Jichu yixue yu linchuang (Jun 2020)
Expression of Opa interacting protein 5 in pancreatic cancer and its effect on the proliferation of PANC-1 cells
Abstract
Objective To explore the expression of OPA interacting protein 5 (OIP5) in pancreatic cancer and its effect on the proliferation of PANC-1 cells.

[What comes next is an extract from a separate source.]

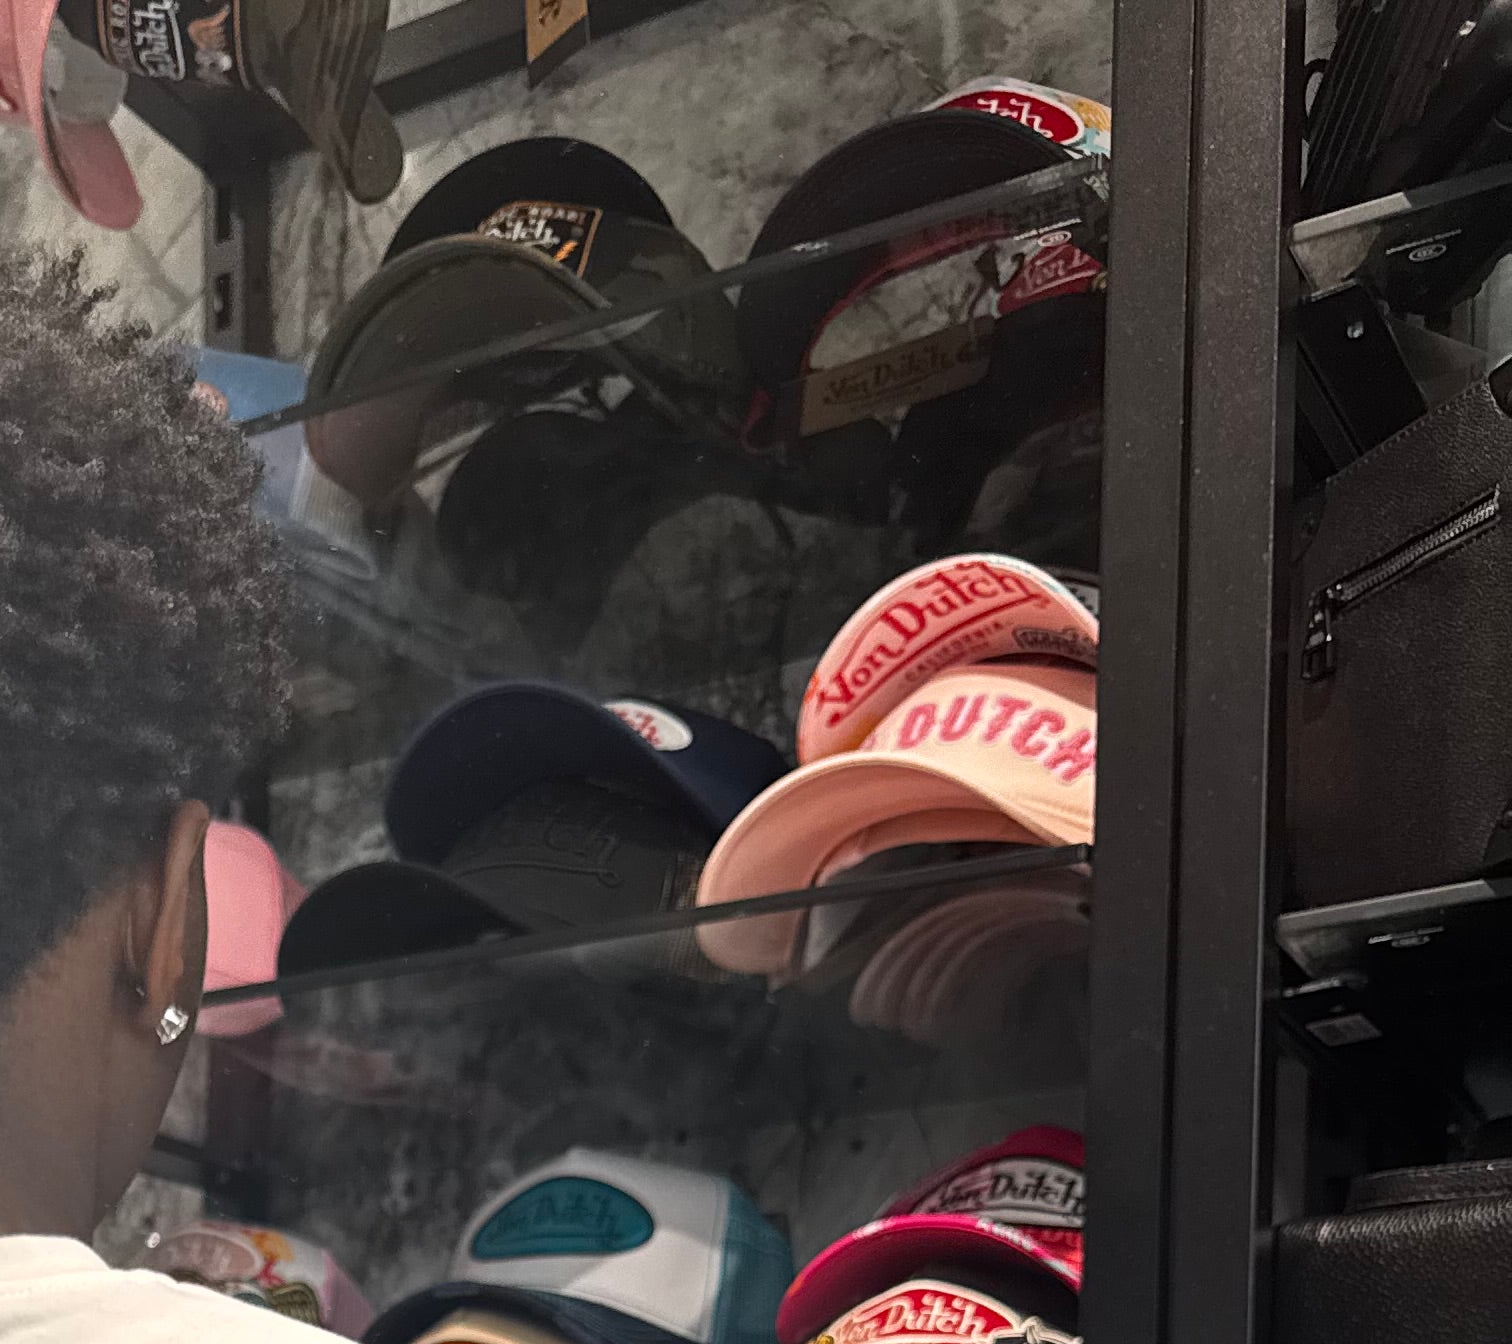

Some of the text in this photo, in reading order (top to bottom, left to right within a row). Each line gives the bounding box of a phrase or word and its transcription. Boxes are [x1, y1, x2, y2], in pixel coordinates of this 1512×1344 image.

[816, 560, 1050, 714] Von Dutch
[880, 1292, 991, 1344] Dutch
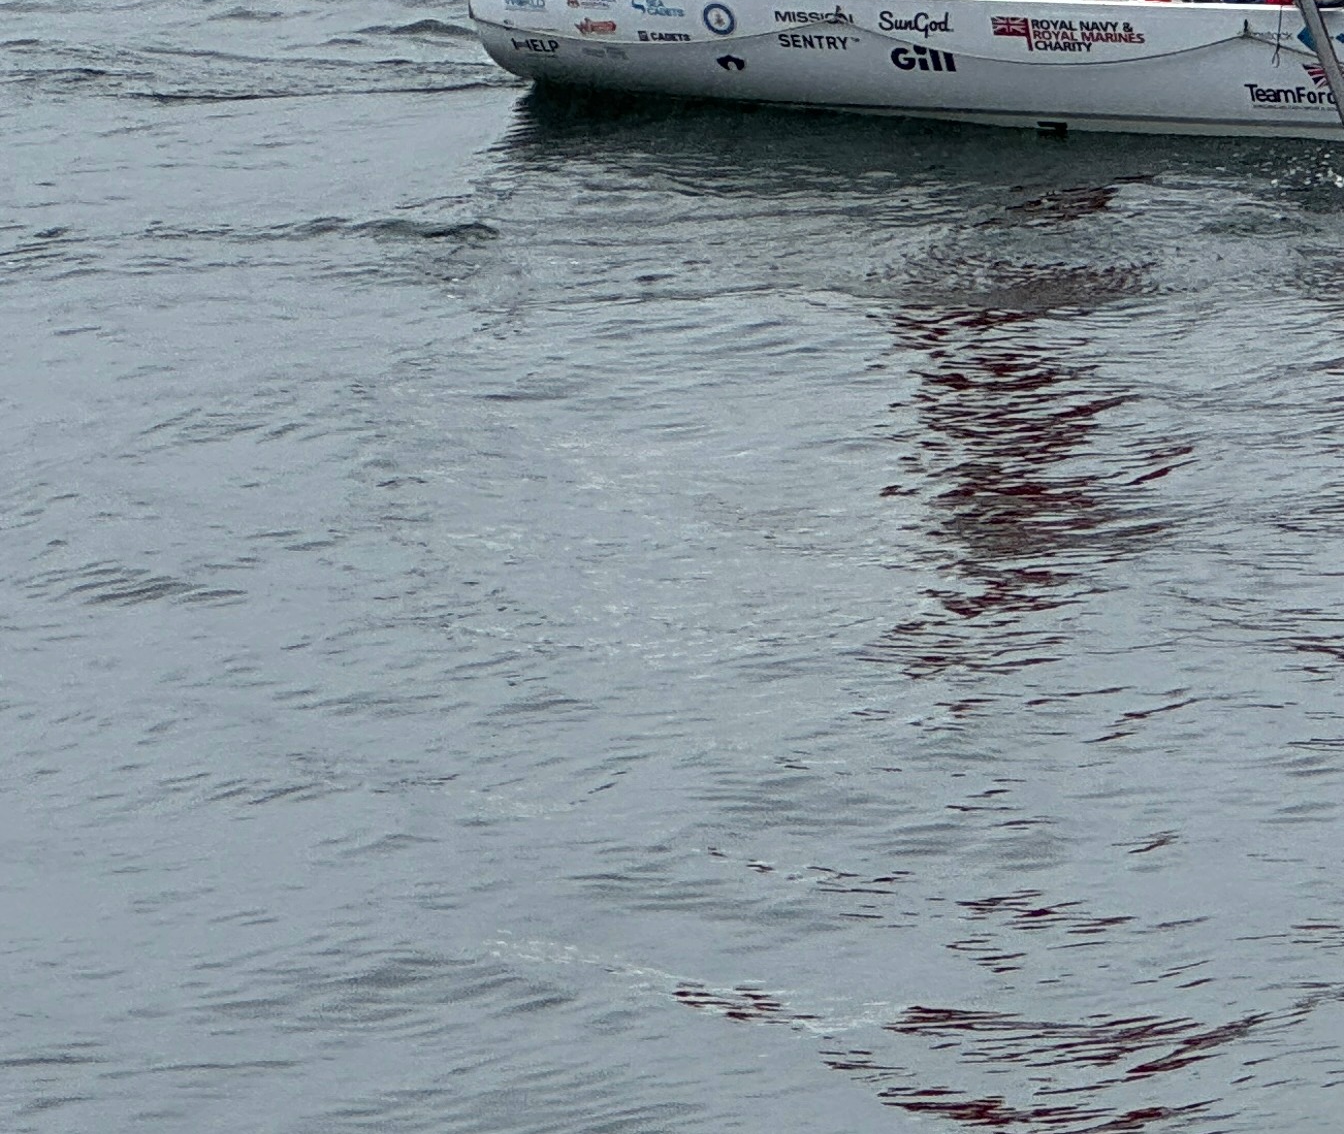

Methods The expression of OIP5 in pancreatic cancer and adjacent tissues was evaluated by database; the expression of OIP5 mRNA and protein in human pancreatic cancer cell lines like MIAPaCa-2, PANC-1, KP-3 and BxPC-3 was detected by real-time quantitative PCR (RT-qPCR) and Western blot, respectively; the expression of OIP5 gene silencing plasmid (pGCSIL-shOIP5)and control plasmid(pGCSIL-shCtrl)were observed, respectively infected with PANC-1 cells, then divided into OIP5 gene silencing group and shctrl control group. 5 days later, RT-qPCR and Western blot were used to detect slow virus knockdown efficiency, and flow cytometry was used to detect cell apoptosis. MTT and cell count were carried out in OIP5 gene silencing group and shctrl control group for 5 consecutive days. OIP5 gene silencing group and shctrl control group were incubated for 10 days to form colonies, then Giemsa staining was used to count total number of sets. Results The expression of OIP5 mRNA in pancreatic cancer was significantly higher than that in normal pancreatic tissue(P<0.05), and the overall survival rate in patients with high expression of OIP5 was significantly lower than that in patients with low expression of OIP5 (P< 0.05), and the disease-free survival rate was also significantly lower (P<0.05); the expression of OIP5 was higher in MIAPaCa-2, PANC-1 and KP-3, but lower in BXPC-3 cell line; the results of MTT showed that OIP5 was silenced in the 4th day. The proliferation rate of PANC-1 cells was significantly decreased on the 4th and the 5th day (P<0.01); the number of cell colonies (9 on average) after OIP5 silencing was significantly lower than that in shctrl control group (40 on average) (P<0.01); the apoptosis rate of PANC-1 cells after OIP5 silencing was 8.3% and 4.5% higher than that of shctrl (P<0.01). Conclusions OIP5 is highly expressed in pancreatic cancer cell lines. OIP5 gene can regulate the proliferation, apoptosis and clonal formation of PANC-1 cells, suggesting that OIP5 may play a role as a oncogene in the pathogenesis of pancreatic cancer, thus providing a potential biomarker for targeted treatment of pancreatic cancer.